Like many of you, I’ll be attending Sunstone this year. I’m looking forward to many of the panels. Kristine and Janet and Jana and Bored in Vernal will be speaking. Armand Mauss and Claudia Bushman and John Dehlin and John Hamer and Lorie Winder and Paula Goodfellow and Newell Bringhurst. _Nobody Knows_ will show. Really, the only thing that worries me is the moderation.
I’ve been to two symposiums so far. Both times, I’ve attended wonderful talks and panels. And both times, at least one session has been seriously undermined by a commenter run amok.
Typically, the speakers talk for a period of time, and then the floor opens for Q&A. This is a great opportunity for the audience to get involved. (And at some of these sessions, the audience is Richard Bushman!) Ideally, the Q&A allows a variety of audience members to ask questions and engage with the speakers.
Sometimes, though, a commenter decides to take the mike and run — and run, and run, and run. The result is never good.
I sat through one great session last year that essentially ended up having no Q&A, because the first audience commenter proceeded to go on a fifteen minute rant about various doctrinal issues — becoming, in effect, an unfortunate fifth speaker for the four-person panel. Another panel I heard this spring saw only very limited Q&A, since the Q&A period was mostly dominated by a fifteen-minute travelogue reminiscence from the first audience member to make it to the mike.
Sunstone Q&A periods are not testimony meetings, where possession of the mike often means a green light to ramble. They are, in theory, a time for the audience to ask questions of panelists who are often experts in their fields.
And yes, I know, to some extent, this probably taps into the Sunstone-as-scholarship versus Sunstone-as-therapy debate. If Sunstone is all just a big group therapy session and group hug, then perhaps it’s appropriate to allow any rambler to grab the mike for a fifteen minute monologue. But in recent years, the symposium has pushed hard to be more scholarly — appropriately, I think.
It’s not 1990 anymore, and today there are a multiplicity of other places that one can let loose an unhinged rant or travelogue. (Blogs, anyone?) In contrast, there are not many other similar venues where audience members can engage in substantive dialog with Armand Mauss or Claudia Bushman.
So, this post is a plea to Mary Ellen and her cadre of enforcers.

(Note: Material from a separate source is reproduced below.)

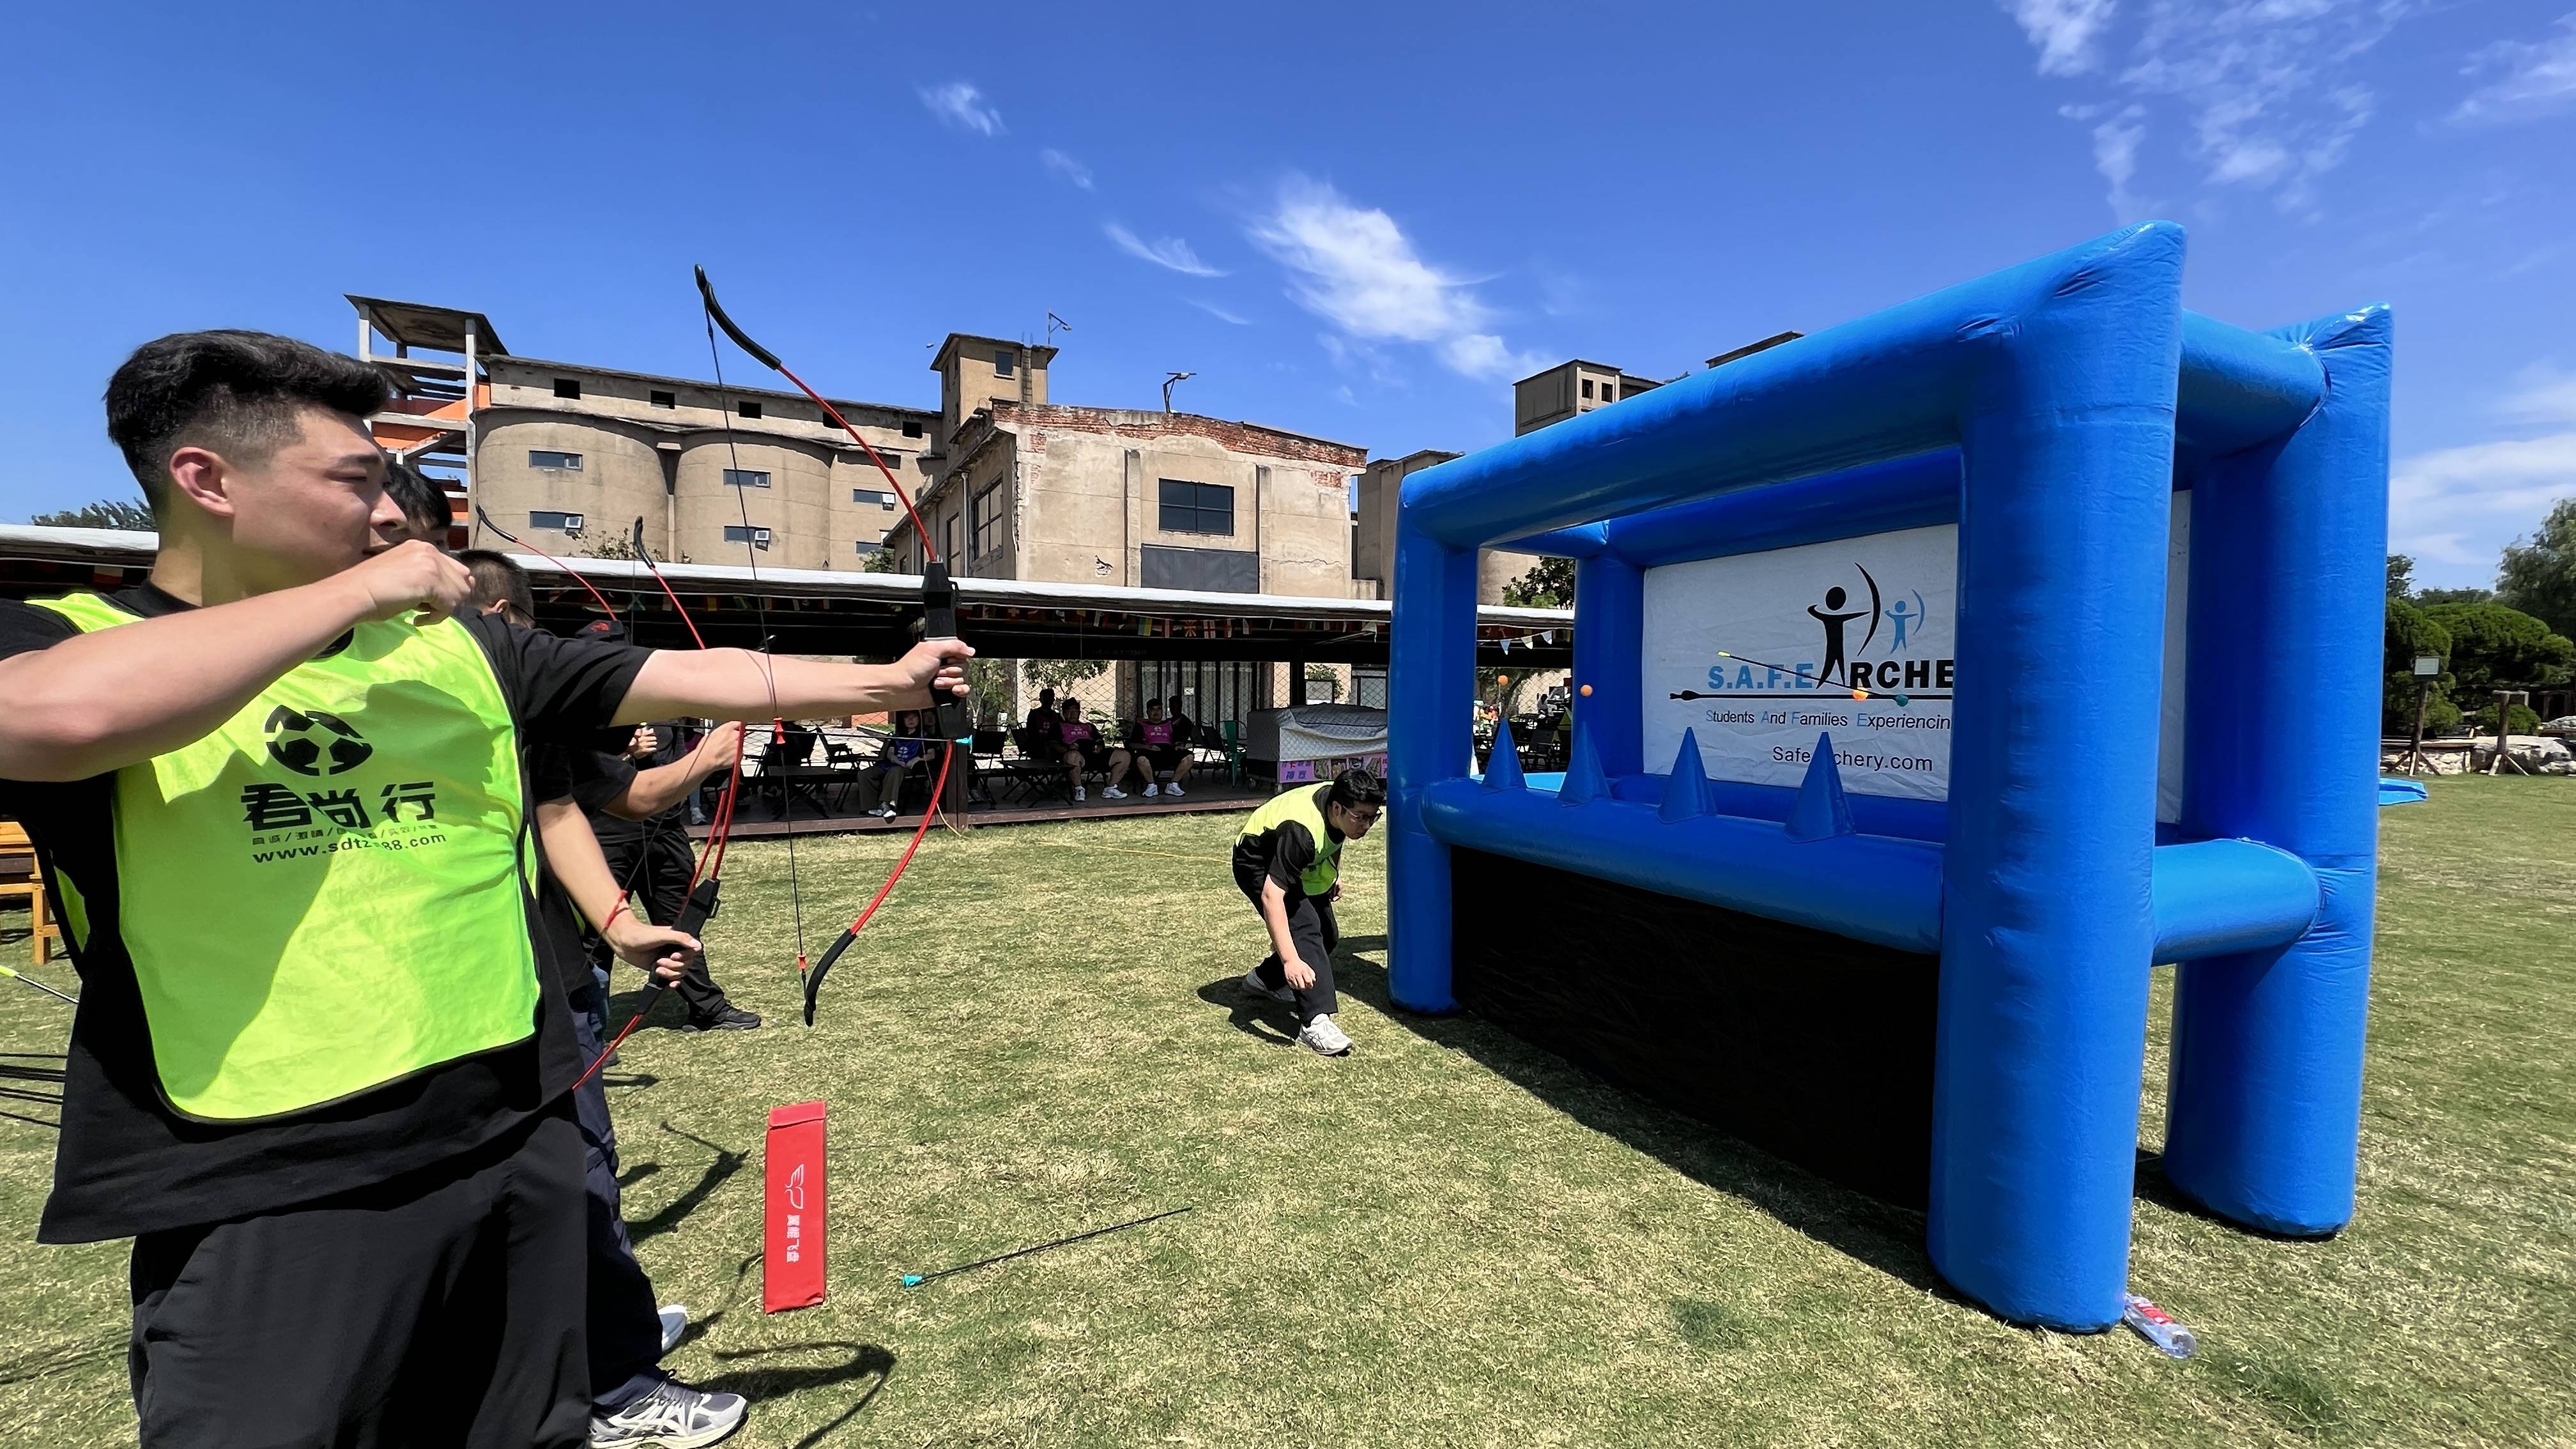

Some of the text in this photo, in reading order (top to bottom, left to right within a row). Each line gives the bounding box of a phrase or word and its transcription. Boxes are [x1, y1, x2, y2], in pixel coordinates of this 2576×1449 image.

[1705, 709, 1951, 731] Students And Families Experiencin
[1772, 746, 1933, 772] Safechery.com

Please, let’s lay down the law and rein in the rants and travelogues. I think that a stated policy can help a lot — I see these at academic conferences sometimes — such as simply having the moderator say, “please keep all comments to two minutes or less, in order to allow other audience members to participate in the Q&A” at the same time that she tells commenters to be sure to speak into the microphone.
And then, of course, enforce.
What do people think? How should Sunstone moderators walk the line required in order to facilitate good Q&A while not letting rogue commenters run wild?